The second season of "Jericho" will be released on DVD Tuesday with an alternate ending, giving fans a glimpse of what a third season might have looked like.

If there were going to be a third season.

Which there's not.

I'm tempted to write, "So just get over it," but I won't. Because I know that wouldn't go over well with the fans.

So let's go with something a little less harsh. It's time to move on. Yes, "Jericho" had many fine qualities. And, yes, it was better than a lot of shows that are still on the air.

But ratings went from bad to worse. It's not coming back. Ever.

Pining over the show will only make your life more difficult. And we want you to be happy.

We could sit here and argue all day about the merits of "Jericho" — and, personally, I greatly enjoyed Season 2 and would have liked to see it return — but here are the cold, hard facts:

• CBS canceled "Jericho" in May 2007.

• After an outpouring of support from fans, CBS brought the show back for a seven-episode second season — and warned that, if ratings didn't improve, it would not return for a third.
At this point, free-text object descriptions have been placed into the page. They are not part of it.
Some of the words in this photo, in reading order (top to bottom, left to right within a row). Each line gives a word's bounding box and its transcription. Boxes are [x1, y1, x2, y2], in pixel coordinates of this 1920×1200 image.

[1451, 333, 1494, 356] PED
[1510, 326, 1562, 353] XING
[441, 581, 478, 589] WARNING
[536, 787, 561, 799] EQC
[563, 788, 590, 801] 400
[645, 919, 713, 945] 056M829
• Not only did ratings not improve, they declined. The highest-rated episode of Season 2 was seen by fewer viewers than the lowest-rated episode of Season 1.
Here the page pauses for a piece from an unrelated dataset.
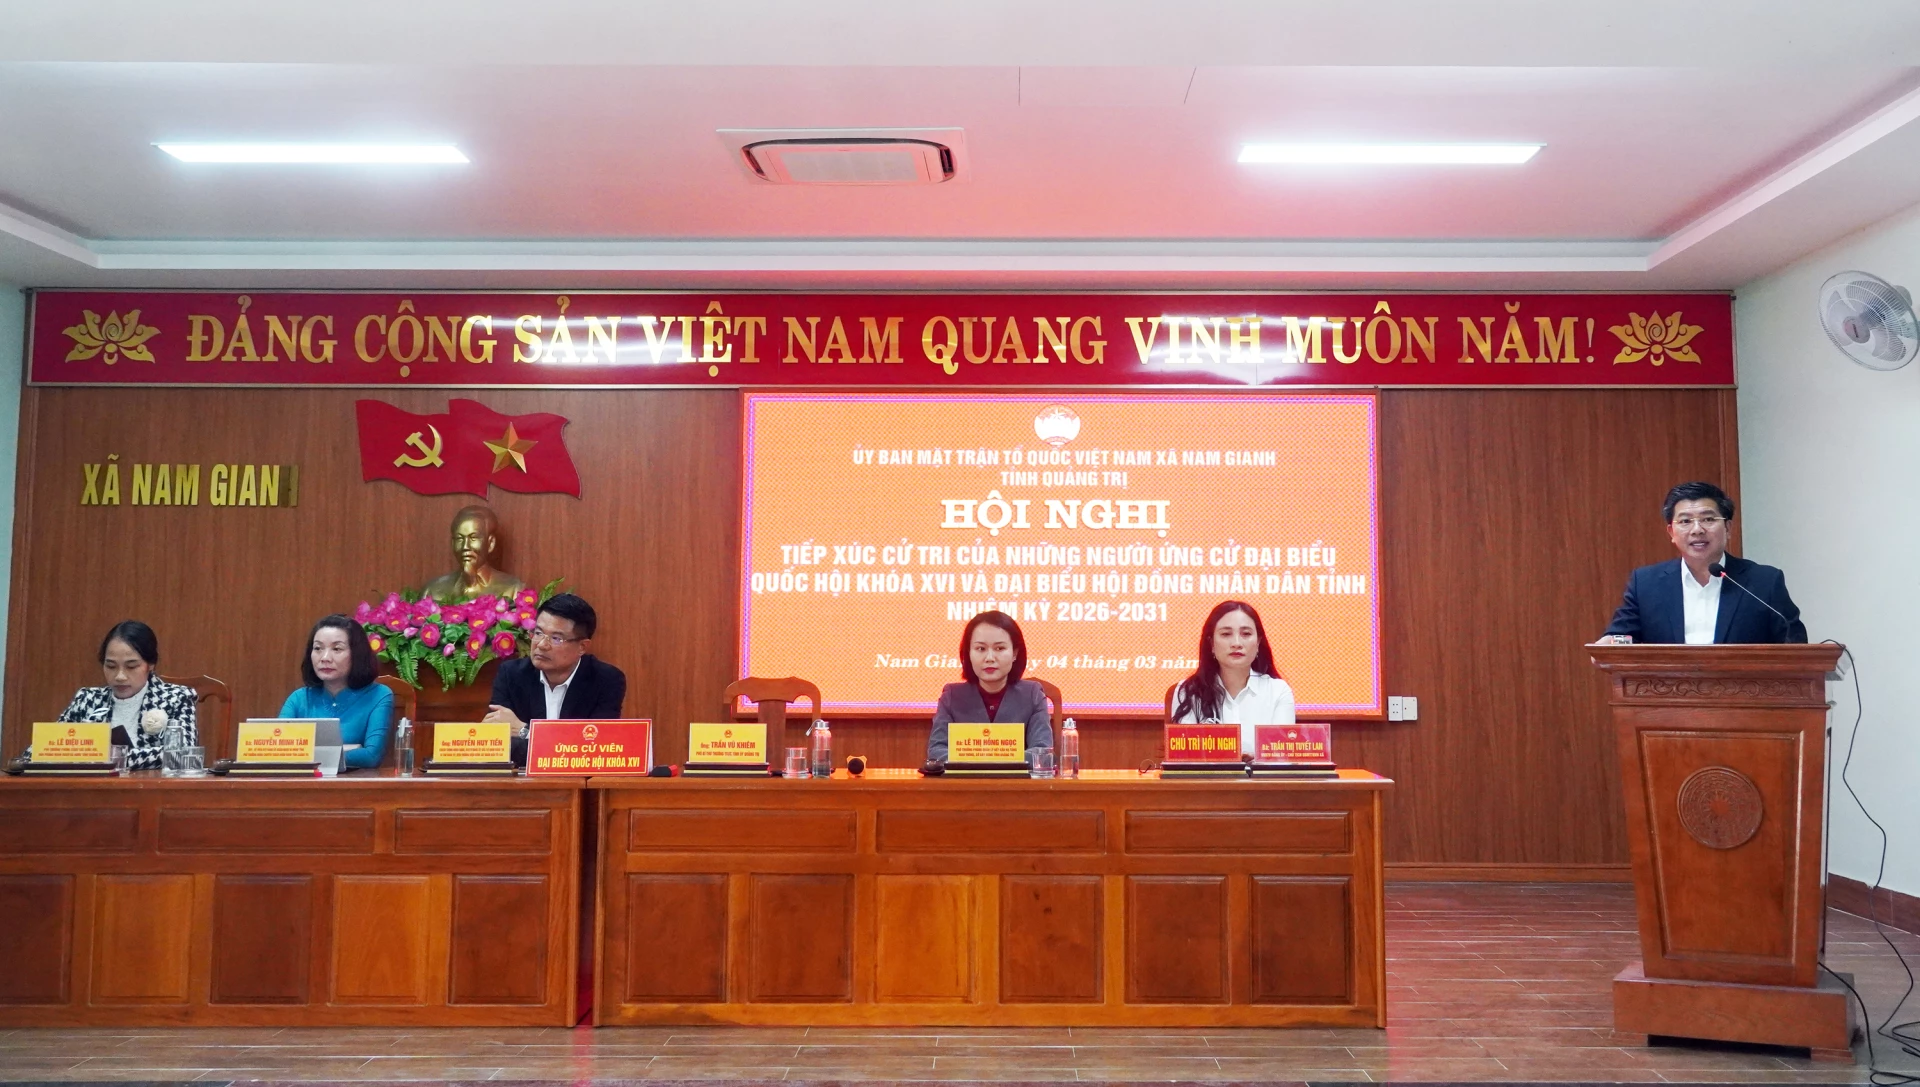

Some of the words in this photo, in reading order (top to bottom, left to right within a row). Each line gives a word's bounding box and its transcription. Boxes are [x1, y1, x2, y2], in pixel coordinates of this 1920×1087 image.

• CBS canceled "Jericho" again. Permanently.

Now to the "I told you so" part. A year ago, I wrote that future efforts to revive other series will be made more difficult if "Jericho" doesn't succeed. Execs at all the networks will point to this show and say, "Look, it doesn't work."

It's a really, really iffy proposition with a downside that goes far beyond just "Jericho."
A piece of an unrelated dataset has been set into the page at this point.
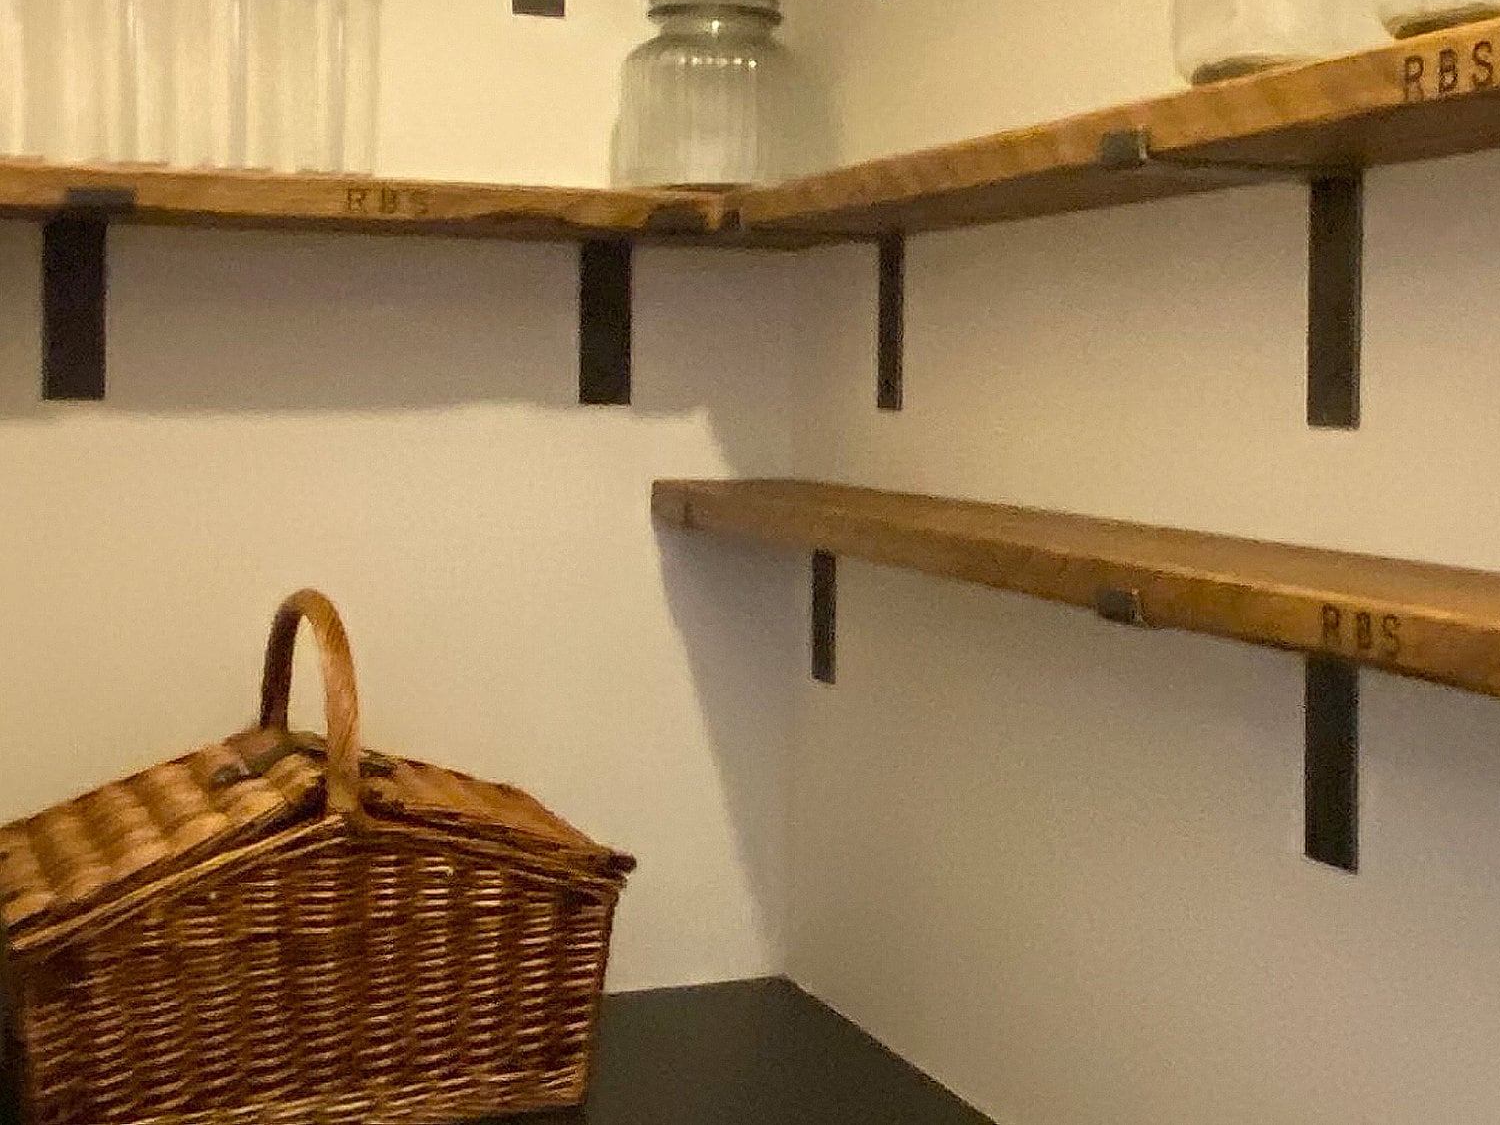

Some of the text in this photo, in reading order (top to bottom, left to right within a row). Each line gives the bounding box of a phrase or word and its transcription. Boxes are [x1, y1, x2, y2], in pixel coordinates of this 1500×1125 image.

[1402, 40, 1494, 102] RBS
[346, 186, 431, 215] RBS
[1321, 603, 1402, 659] RBS
That's exactly what has already happened. When CBS Entertainment president Nina Tassler announced the cancellation of "Moonlight" — a show with very iffy ratings and a vociferous fan base — she said what happened with "Jericho" "did play into our decision making."

Her counterparts at NBC didn't make it quite so clear, but when "Las Vegas" fans sent them thousands of pairs of baby booties (imitating the save-"Jericho" effort that sent thousands of pounds of peanuts to CBS), NBC programmers just shrugged.

For the umpteenth time, it seems necessary to point out that TV is a business. Lots of viewers means lots of advertisers and vice versa.

And network executives learned that, while seemingly every show has a rabid fan base that bands together on the Internet, that may mean absolutely nothing.

IF YOU DON'T want to wait until Tuesday for that alternate "Jericho" ending, you can see the 7 1/2-minute segment on YouTube —

BY THE WAY, if plans for some sort of wrap-up for the series "Las Vegas" aren't dead, they're very, very sick.

It won't be moving to another network. And hopes for some kind of TV movie have dimmed — the cast, writers and producers have moved on to other projects and the chances of getting them all back together again are extremely slim.